Searching the page for OrientationType does yield promising results for what the possible values are at least:
The best looking match is:
There’s also a close sounding match “primitives.
So, now, how to use the information we’ve found from the reference guide?
If you go to the “How to Use” section, there’s a list of examples. You could really start with any of them, but I’ll pick the “First organizational chart”. On the plus sides, these examples are all editable, so you can experiment. On the down side, if you make a syntax mistake, the whole chart disappears and it doesn’t tell you where your mistake is.
So the important parts here are where the global options variable is initialized, and where they use it.
Initialization:
var options = new primitives.orgdiagram.Config();
this is given in the example. You’ll notice the variable options is of the type primitives.orgdiagram.Config, like we saw in the reference guide above. So this variable is the one you need to use to change any *global* configuration item that is in that same section of the reference guide.
Now skip down near the end of the example:
options.rootItem = rootItem;
options.hasSelectorCheckbox = primitives.common.Enabled.True;
These two lines change a couple of the global configuration options. So, to add another global option, you just need to add another line of code before or after these two lines, adding your new option.
Go back to the beginning of the reference guide, jump to the section on primatives.orgdiagram.config again, everything under the word “properties” here is a property of options that can be set:
The correct value to use is a little trickier in this particular case. The documentation showed an example of the default being primitives.orgdiagram.OrientationType.Top
, however, the documentation shows the possible values for Orientation under a heading called primitives.common.OrientationType
. Notice anything different about the package naming? Yeah, that’s a little confusing, and I ended up with a blank diagram a couple times because of this.
Looking at the source code for the enumeration, it appears to be a simple documentation error, that the comment was not updated when the package name was changed for whatever reasons. Here’s the definition in the source code:
/*
Enum: primitives.common.OrientationType
Defines diagram orientation type.
Top - Vertical orientation having root item at the top.
Bottom - Vertical orientation having root item at the bottom.
Left - Horizontal orientation having root item on the left.
Right - Horizontal orientation having root item on the right.
*/
primitives.orgdiagram.OrientationType =
{
Top: 0,
Bottom: 1,
Left: 2,
Right: 3
};
Yep, I’m sure you’ve all seen code like that before. Anyway, just use OrientationType defined in orgdiagram, because that’s what the code says, and what works. And if you find some other property you want to set, and it’s not working, check the package name in the source code to make sure it’s right.
So our working line of code to change the orientation becomes:
options.orientationType = primitives.orgdiagram.OrientationType.Left;
And you just have to put that with the other global options (technically, other places are ok too, but to keep things simple, leave all the options in one place.
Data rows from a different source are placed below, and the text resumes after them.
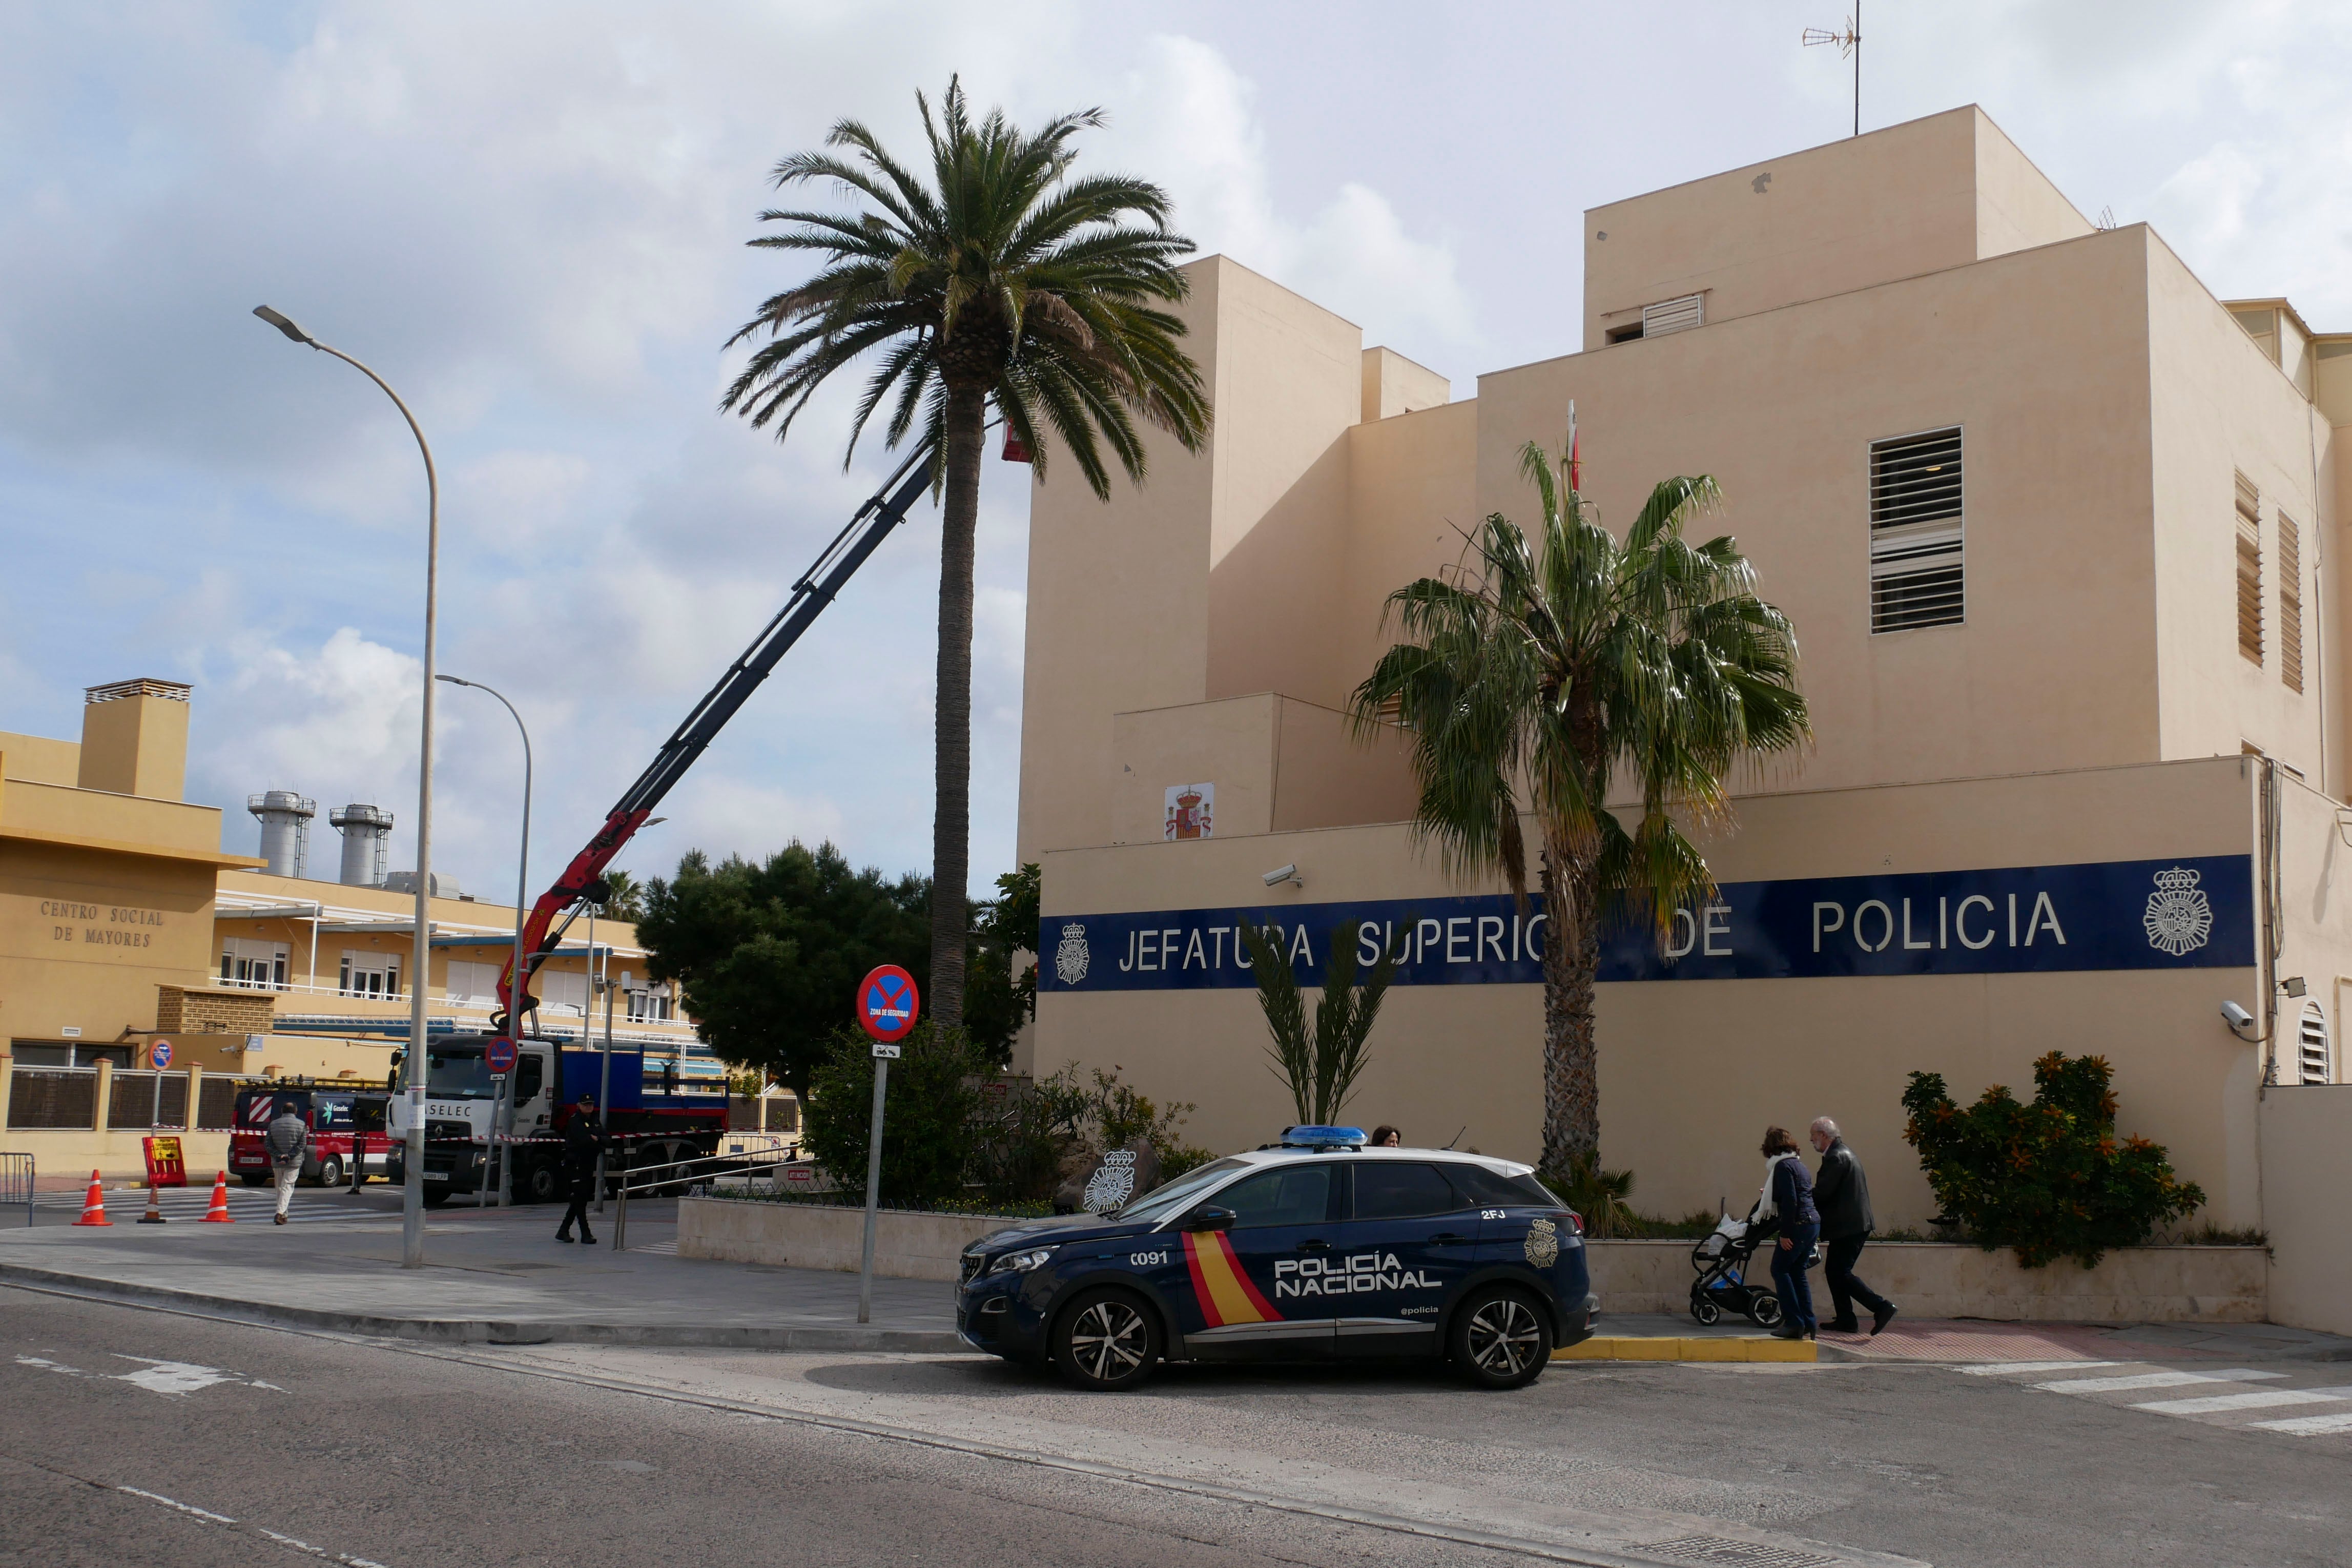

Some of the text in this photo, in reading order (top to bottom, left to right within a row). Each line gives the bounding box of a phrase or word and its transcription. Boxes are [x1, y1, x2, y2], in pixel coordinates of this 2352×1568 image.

[41, 901, 163, 926] CENTRO SOCIAL
[54, 926, 150, 948] DE MAYORES
[1119, 924, 1314, 972] JEFATURA
[1665, 906, 1732, 957] DE
[1813, 891, 2066, 954] POLICIA
[1481, 1210, 1506, 1220] 2FJ
[1274, 1250, 1402, 1278] POLICÍA
[1275, 1270, 1442, 1298] NACIONAL
[1400, 1305, 1439, 1316] @policia
If you go back to the orgdiagram.global properties list at the beginning of the documenation,
(there’s more than fit in this screenshot), any of these are set following the same formula. Orientation Type is not the only enumeration incorrectly documented. graphicsType isn’t defined in the documenation at all. Just search the source code for the possible enumeration values. Theres no apparent consistency about whether things are under common or orgdiagam, so just look up what’s in which spot, unless you start to notice a pattern I missed.
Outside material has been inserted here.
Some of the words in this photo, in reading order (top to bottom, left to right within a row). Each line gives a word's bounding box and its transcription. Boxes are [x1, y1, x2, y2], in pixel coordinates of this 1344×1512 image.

options.graphicsType = primitives.common.GraphicsType.Canvas;
options.pageFitMode = primitives.orgdiagram.PageFitMode.PageHeight;
and so forth.
A couple of other options I ended up changing for my diagram included:
options.connectorType = primitives.orgdiagram.ConnectorType.Squared;
options.hasSelectorCheckbox = primitives.common.Enabled.False;
options.minimalVisibility = primitives.orgdiagram.Visibility.Normal;
As a footnote, changing the template around, because we didn’t need pictures next to the roles (since we only showed names for board members on our chart) was a bit more complex and requires structural changes to the javascript. I wouldn’t recommend it for javascript/jquery beginners unless the demo one is really close to what you need. But if you’re a seasoned user of javascript, it’s quite doable.